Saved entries
□ □ □

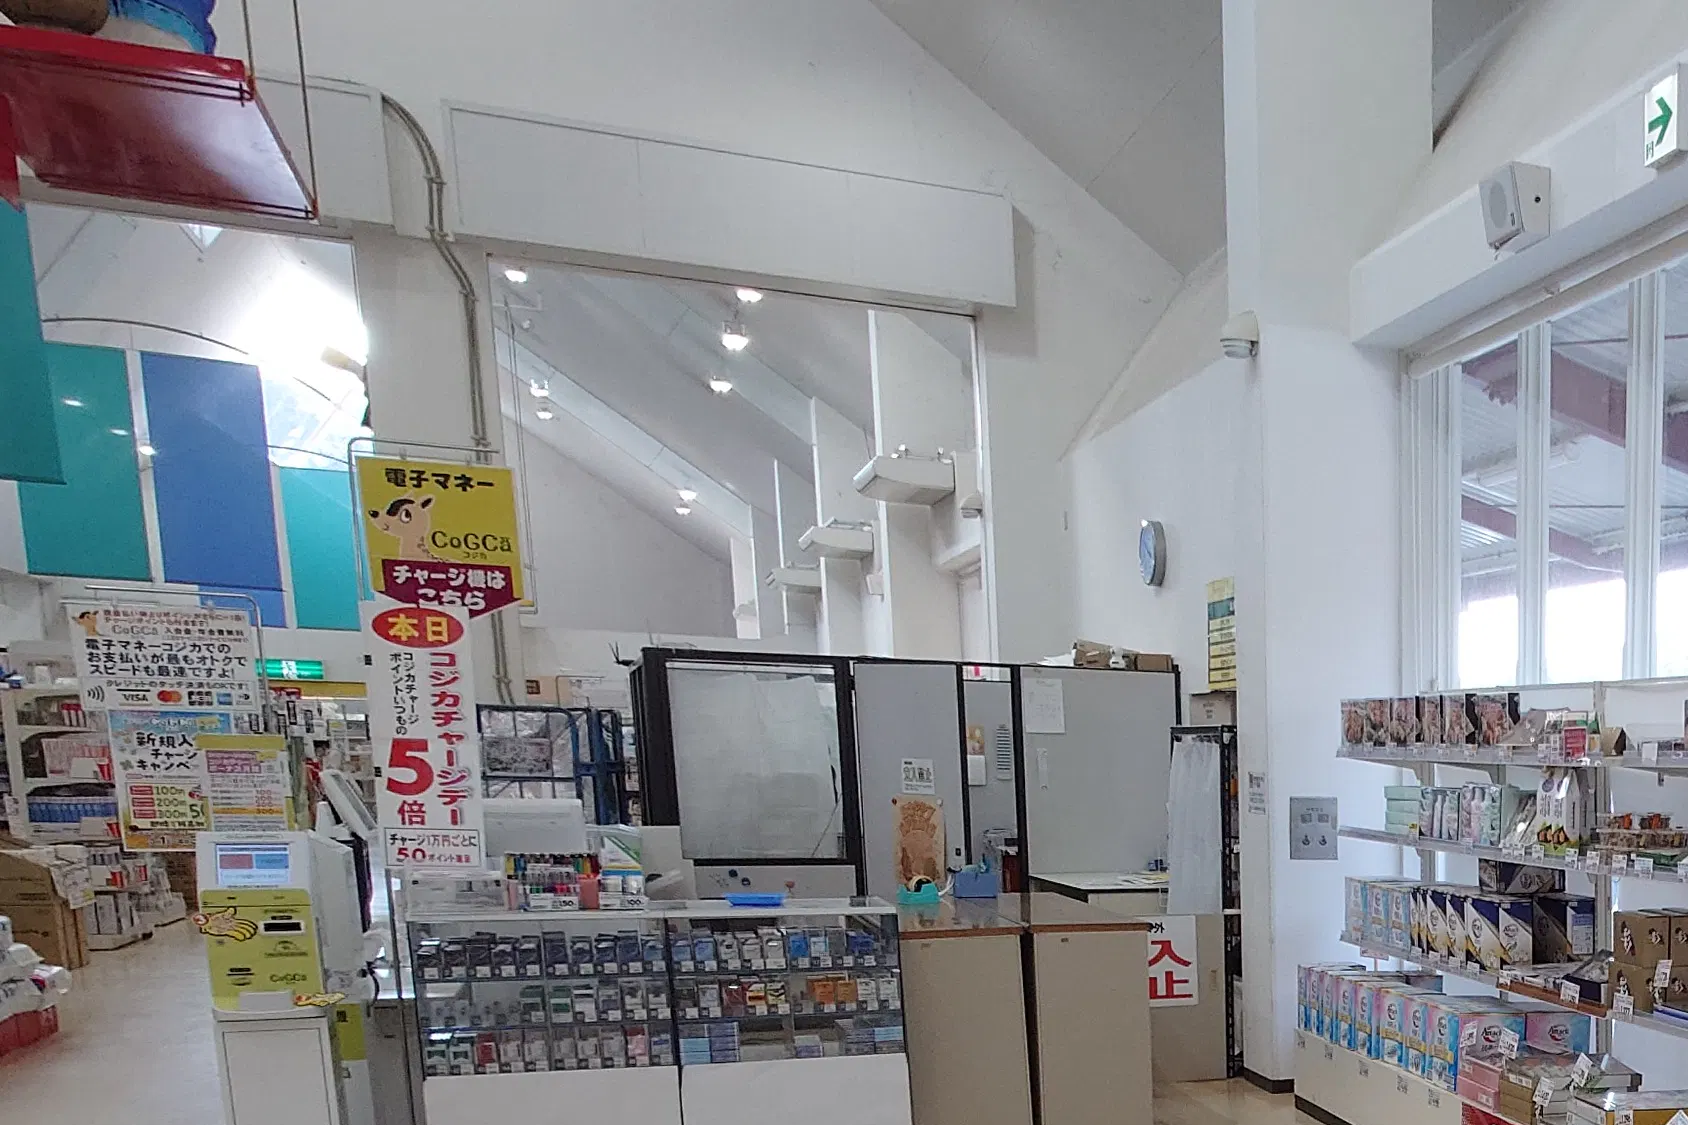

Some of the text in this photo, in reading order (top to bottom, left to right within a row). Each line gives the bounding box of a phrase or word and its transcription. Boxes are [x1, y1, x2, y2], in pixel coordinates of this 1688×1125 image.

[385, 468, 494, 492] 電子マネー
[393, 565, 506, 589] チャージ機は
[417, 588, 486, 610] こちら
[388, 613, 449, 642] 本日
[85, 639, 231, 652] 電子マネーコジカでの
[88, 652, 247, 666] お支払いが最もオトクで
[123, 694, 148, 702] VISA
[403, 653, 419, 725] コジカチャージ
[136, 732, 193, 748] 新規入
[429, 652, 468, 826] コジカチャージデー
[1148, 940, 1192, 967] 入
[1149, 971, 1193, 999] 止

□ □ □

** Task requirements **
Without including any picture, set down every line above exactly as it stands.

** Task output **
Some of the text in this photo, in reading order (top to bottom, left to right within a row). Each line gives the bounding box of a phrase or word and its transcription. Boxes are [x1, y1, x2, y2], in pixel coordinates of this 1688×1125 image.

[385, 468, 494, 492] 電子マネー
[393, 565, 506, 589] チャージ機は
[417, 588, 486, 610] こちら
[388, 613, 449, 642] 本日
[85, 639, 231, 652] 電子マネーコジカでの
[88, 652, 247, 666] お支払いが最もオトクで
[123, 694, 148, 702] VISA
[403, 653, 419, 725] コジカチャージ
[136, 732, 193, 748] 新規入
[429, 652, 468, 826] コジカチャージデー
[1148, 940, 1192, 967] 入
[1149, 971, 1193, 999] 止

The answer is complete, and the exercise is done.